• Les observateurs et la presse sont unanimes : l’apparition de Hassan Nasrallah lors de la manifestation de lundi dans la banlieue sud de Beyrouth pour protester contre le film blasphématoire "Innocence des Musulmans", n’’était qu’une exploitation politicienne destinée à créer un écran de fumée afin d’occulter la crise syrienne et le programme nucléaire iranien. Mais dans le royaume de l’hypocrisie, Nasrallah vient d’être détrôné par son allié Michel Aoun.

     

     

    L’appel de Hassan Nasrallah à la mobilisation contre le film « Innocence des Musulmans » n’est pas innocent. Pour s’en convaincre, il suffit de regarder les banderoles et les slogans de la foule massée lundi soir dans la banlieue sud de Beyrouth. Les partisans de Nasrallah n’avaient qu’un mot d’ordre : dénoncer les Etats-Unis et distribuer louanges et allégeance à Bachar Al-Assad et à la République islamique d’Iran. L’apparition de Nasrallah en public, pour la première fois depuis 2008, en bravant tous les dangers, atteste que l’objectif recherché était plus important que les risques encourus.
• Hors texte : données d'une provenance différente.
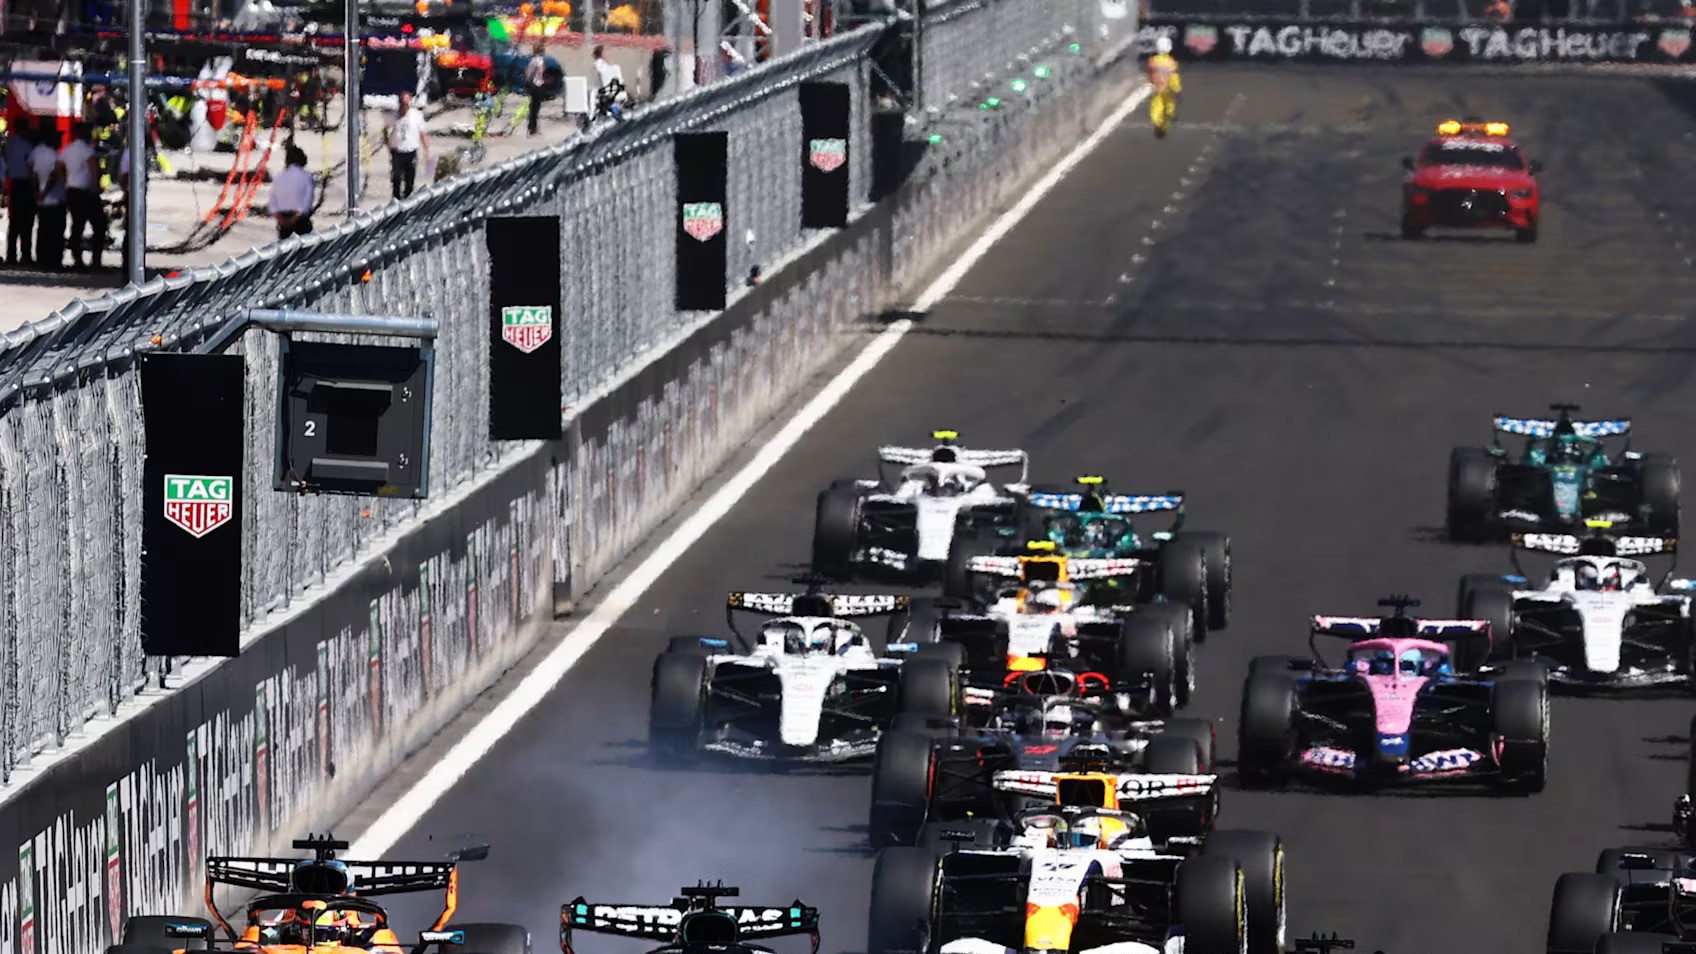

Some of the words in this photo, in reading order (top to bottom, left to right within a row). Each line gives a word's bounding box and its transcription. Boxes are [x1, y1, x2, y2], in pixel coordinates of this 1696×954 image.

[510, 308, 547, 323] TAG
[504, 326, 550, 351] HEUER
[304, 421, 316, 437] 2
[171, 479, 226, 499] TAG
[167, 502, 230, 533] HEUER
    Avec intelligence, et grâce au film islamophobe, Nasrallah a tenté, avec un succès relatif, de ressouder ses partisans, affectés ces derniers mois par une succession de scandales, et à se refaire une nouvelle virginité. Mais autant ses adversaires que les observateurs arabes et étrangers constatent, unanimement, que pendant que Nasrallah défendait le Prophète Mahomet, ses partisans scandaient des slogans favorables au président syrien qui, lui, non seulement fait assassiner tout Syrien refusant d’insulter le même Prophète défendu et de le remplacer par Bachar al-Assad, mais aussi détruit les mosquées, dynamite les minarets et bombarde les églises. En un mot, Assad détruit sciemment toute référence à l’Islam et à la religion sans susciter la moindre réaction du Hezbollah. Bien au contraire, le Parti de Dieu lui fournit combattants, fuel et armes...
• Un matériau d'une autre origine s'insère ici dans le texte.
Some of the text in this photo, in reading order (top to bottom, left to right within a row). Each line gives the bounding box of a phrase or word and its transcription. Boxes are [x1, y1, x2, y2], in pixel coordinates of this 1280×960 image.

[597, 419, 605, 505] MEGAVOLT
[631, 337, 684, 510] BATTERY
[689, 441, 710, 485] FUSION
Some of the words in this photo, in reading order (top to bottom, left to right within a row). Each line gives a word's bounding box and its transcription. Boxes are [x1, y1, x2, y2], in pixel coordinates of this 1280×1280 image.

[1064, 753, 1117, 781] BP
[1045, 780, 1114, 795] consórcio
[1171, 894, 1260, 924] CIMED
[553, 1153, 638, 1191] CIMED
    Les détracteurs de Nasrallah s’interrogent : « comment le secrétaire général du Hezbollah peut-il défendre la religion, tout en cautionnant les pratiques de ses partisans et miliciens, pratiques foncièrement contradictoires avec les valeurs de l’islam, de toutes les autres religions, et de l’humanité ? » Il en va des enlèvements, des demandes de rançons, des trafics de drogues, de blanchiment d’argent, de vols avec violence...

    N’étant pas à une contradiction près, Nasrallah a demandé qu’une loi internationale soit votée afin d’interdire toute atteinte aux religions monothéistes. Mais pourquoi ne commence-t-il pas par appliquer les résolutions internationales déjà existantes et par s’y conformer ? Pourquoi ne livre-t-il pas ses quatre partisans recherchés par le Tribunal international pour leur implication présumée dans l’assassinat de Rafic Hariri ? Pourquoi n’applique-t-il pas la résolution exigeant le désarmement de sa milice, ou celle qui stipule l’arrêt du trafic d’armes à travers la frontière ? Pourquoi ne plaide-t-il pas pour tracer la frontière avec la Syrie et qui fait pourtant l’objet d’une décision des Nations Unies ?
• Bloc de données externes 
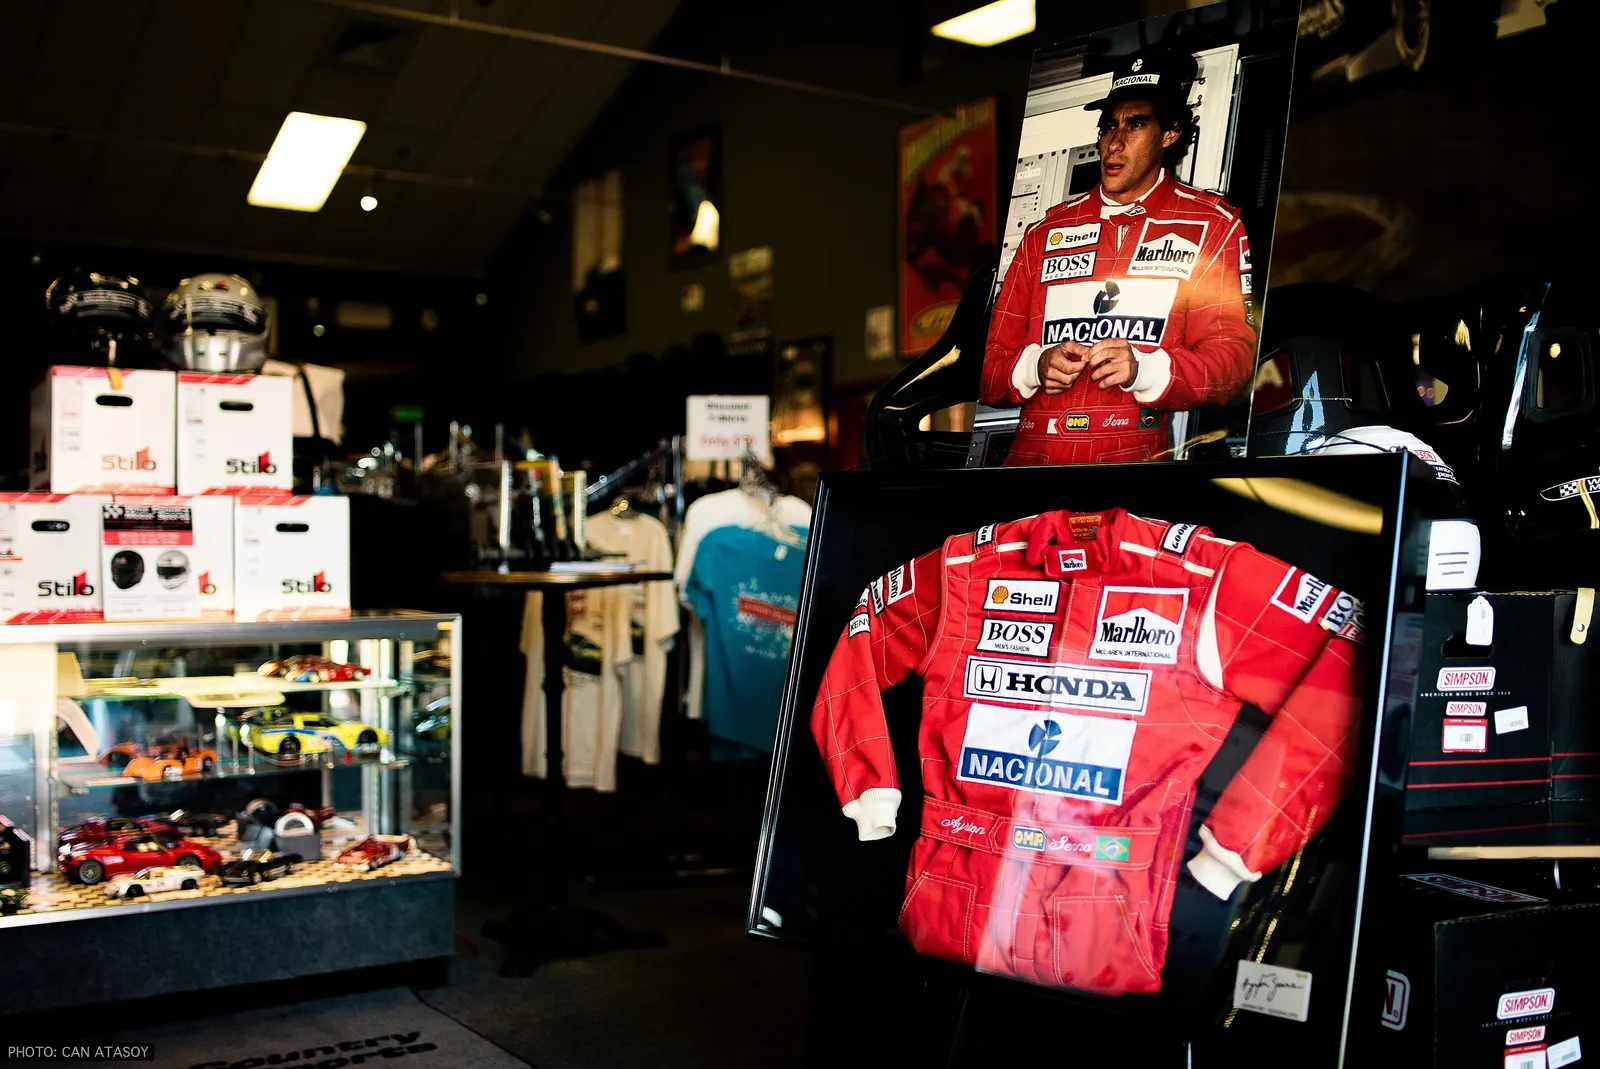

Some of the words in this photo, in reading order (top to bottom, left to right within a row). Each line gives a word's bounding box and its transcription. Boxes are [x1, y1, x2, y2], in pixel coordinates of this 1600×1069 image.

[1115, 75, 1153, 87] NACIONAL
[1064, 231, 1098, 243] Shell
[1135, 239, 1195, 264] Marlboro
[1045, 253, 1091, 275] BOSS
[1046, 318, 1160, 344] NACIONAL
[101, 447, 157, 472] Stilo
[226, 450, 277, 474] Stilo
[38, 571, 95, 597] Stilo
[282, 570, 332, 594] Stilo
[1009, 592, 1053, 607] Shell
[987, 622, 1046, 644] BOSS
[1099, 616, 1175, 646] Marlboro
[1009, 644, 1030, 652] FASHION
[1124, 650, 1171, 659] INTERNATIONAL
[1006, 672, 1136, 702] HONDA
[1444, 671, 1489, 686] SIMPSON
[1449, 703, 1483, 714] SIMPSON
[968, 753, 1110, 796] NACIONAL
[1048, 836, 1093, 853] Senna
[1504, 993, 1549, 1013] SIMPSON
[1509, 1028, 1542, 1043] SIMPSON
    Pour toute ces raisons, la manœuvre et le discours de Nasrallah relèvent, sans nul doute, d’une exploitation purement politicienne n’ayant aucun lien avec la religion, encore moins avec le film incriminé. D’ailleurs, pourquoi Nasrallah avait-il laissé ses partisans commercialiser des chapelets alternant son portrait et les icônes des Saints libanais ? (voir la photo qui a fait scandale au Liban). Pourquoi n’a-t-il pas vu dans cet acte une agression portée à une religion monothéiste ?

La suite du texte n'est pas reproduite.